L’avenir de la Création

La mission de remplir la terre et de la dominer, donnée au Sixième Jour, doit aujourd’hui être intégrée dans la perspective plus large de l’hepta-méron – « l’œuvre » en sept jours –, laissant le repos sabbatique assainir notre manière d’être et d’habiter le monde.

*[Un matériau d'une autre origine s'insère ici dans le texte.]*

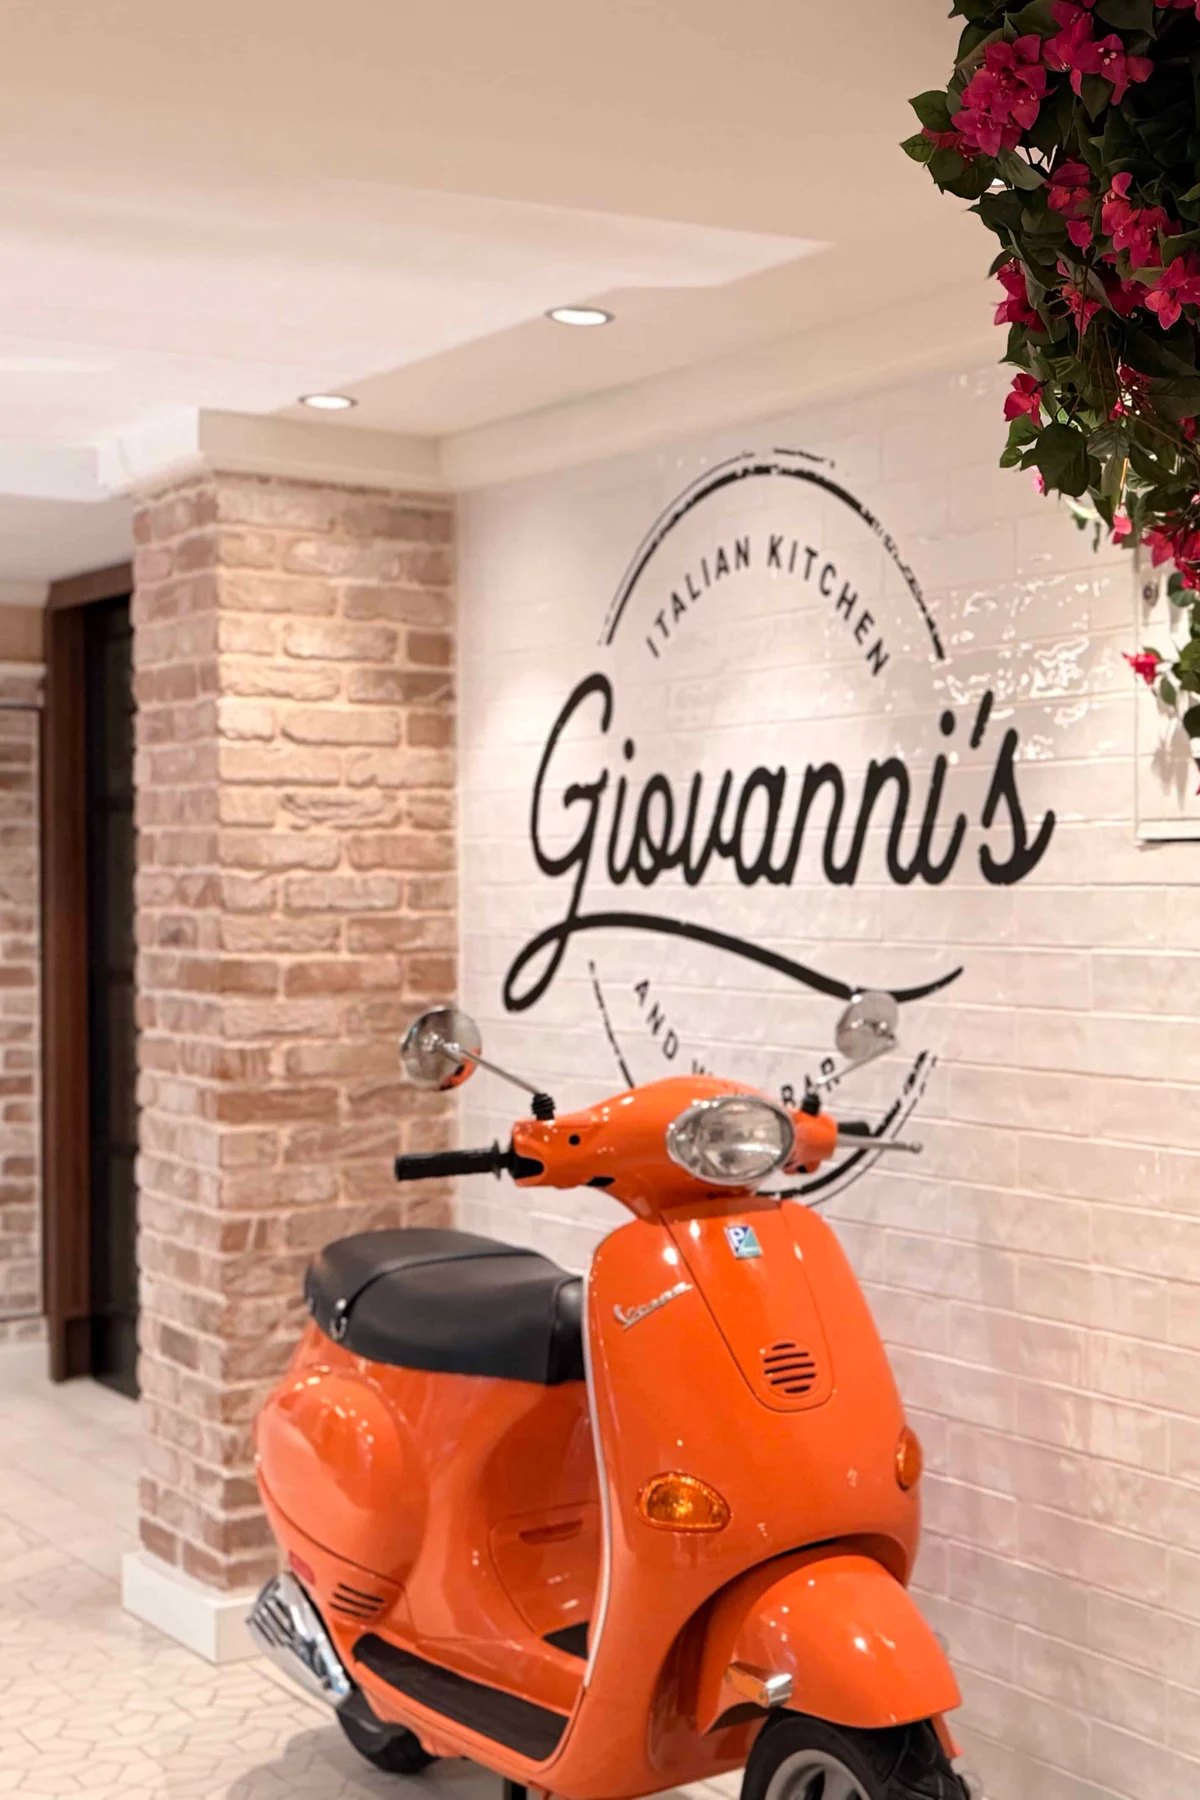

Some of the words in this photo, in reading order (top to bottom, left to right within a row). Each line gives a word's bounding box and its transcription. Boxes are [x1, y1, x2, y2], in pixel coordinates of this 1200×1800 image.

[645, 535, 752, 657] ITALIAN
[766, 535, 890, 677] KITCHEN
[502, 672, 1056, 1010] Giovanni's
[634, 979, 680, 1060] AND
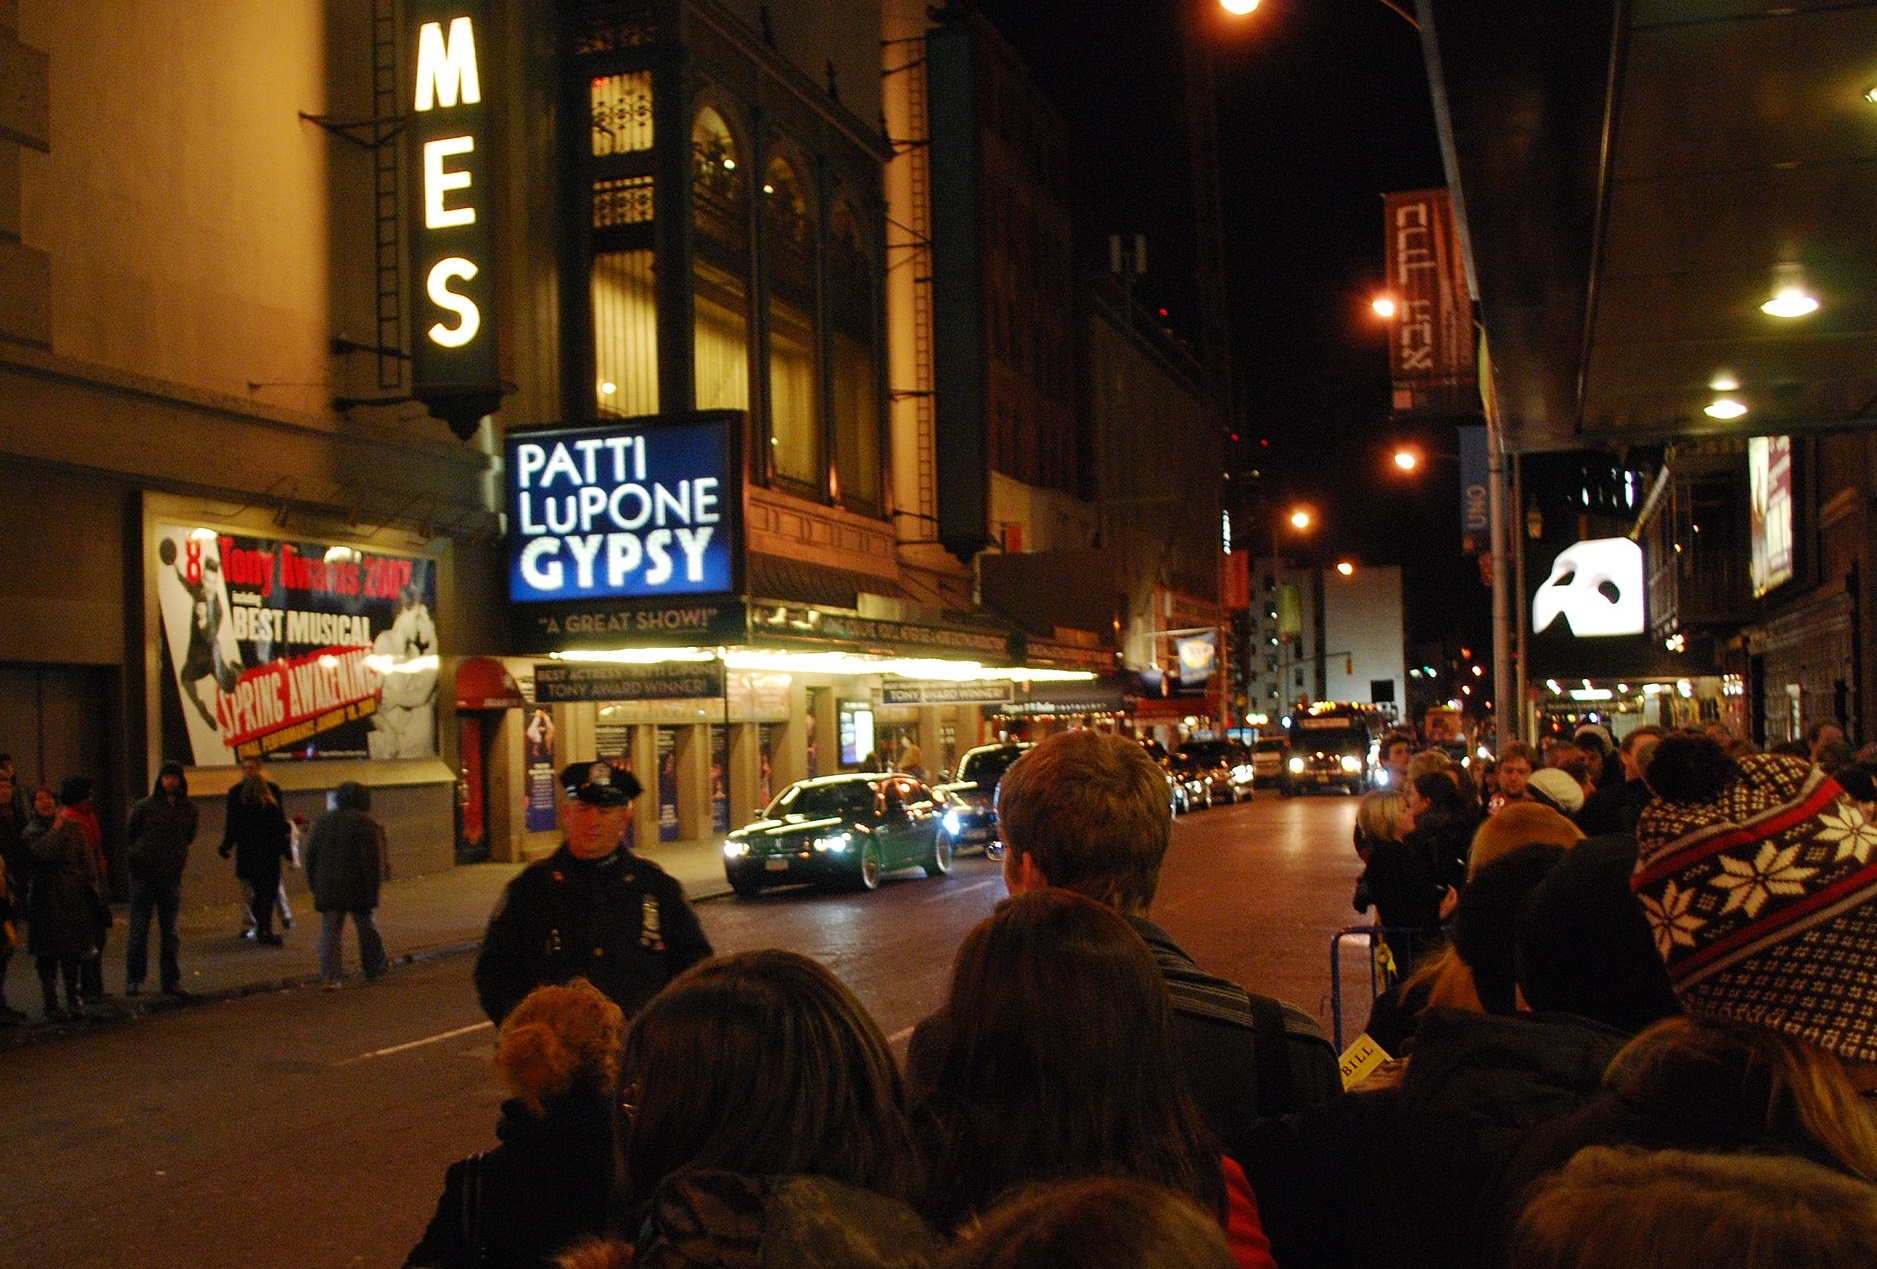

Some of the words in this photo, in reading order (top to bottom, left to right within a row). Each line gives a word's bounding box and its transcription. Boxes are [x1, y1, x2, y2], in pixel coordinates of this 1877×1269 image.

[517, 435, 646, 488] PATTI
[185, 533, 202, 585] 8
[217, 535, 276, 597] Tony
[280, 544, 361, 596] Awards
[520, 526, 715, 591] GYPSY
[233, 606, 285, 642] BEST
[286, 610, 373, 646] MUSICAL
[565, 611, 631, 633] GREAT
[219, 671, 285, 736] SPRING
[547, 683, 588, 698] TONY
[591, 681, 642, 696] AWARD
[890, 689, 919, 702] TONY
[1341, 1046, 1374, 1077] BILL
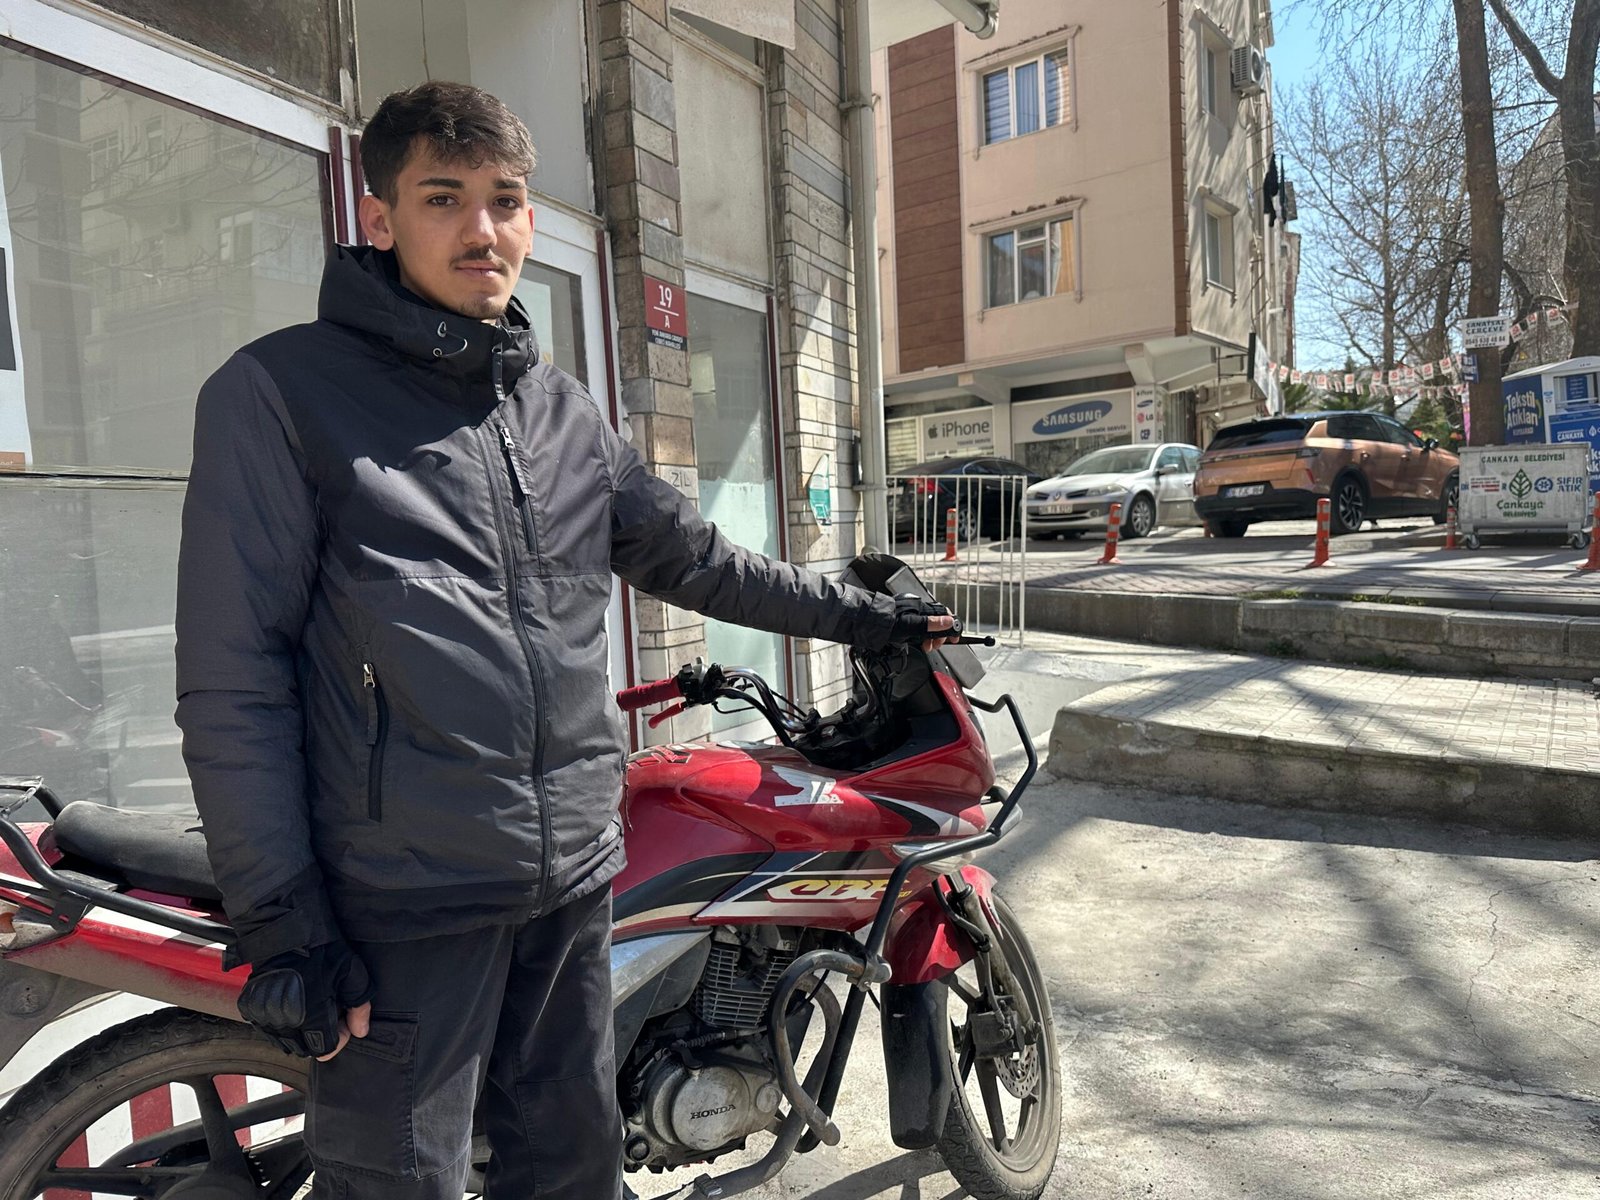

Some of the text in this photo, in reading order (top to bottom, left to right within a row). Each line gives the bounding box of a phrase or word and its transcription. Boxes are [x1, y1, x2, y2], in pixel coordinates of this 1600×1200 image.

[658, 284, 673, 309] 19
[664, 314, 671, 329] A
[1506, 390, 1536, 411] Tekstil
[1042, 409, 1102, 427] SAMSUNG
[942, 420, 990, 438] iPhone
[1481, 452, 1566, 464] ÇANKAYA BELEDİYESİ
[1556, 477, 1583, 485] SIFIR
[1557, 484, 1581, 492] ATIK
[1496, 500, 1544, 511] Çankaya
[690, 1104, 737, 1120] HONDA

Nous vivons aujourd’hui dans des sociétés multiculturelles et donc avec une pluralité d’images et de visions du monde et de la vie. Comment oser se situer encore dans une tradition particulière comme celle de la Bible et adopter avec elle une perspective sur la totalité du réel référée à un Dieu créateur ? La question se pose d’autant plus que certains chercheurs ou vulgarisateurs s’appuient sur le prestige que leur procure le potentiel des sciences pour accréditer, auprès du public, les théories du big-bang, de l’évolution et du bigcrunch comme nouveau mythe de l’humanité. La mondialisation ne met pas seulement toutes ces représentations, religieuses ou non, en relation souvent conflictuelle et parfois violente ; elle commence aussi à nous avertir des limites de nos ressources, la plus essentielle étant celle de l’eau. Lentement naît ainsi, dans une partie de l’humanité, la conscience que nous n’avons qu’un seul monde et qu’il nous faut en prendre soin.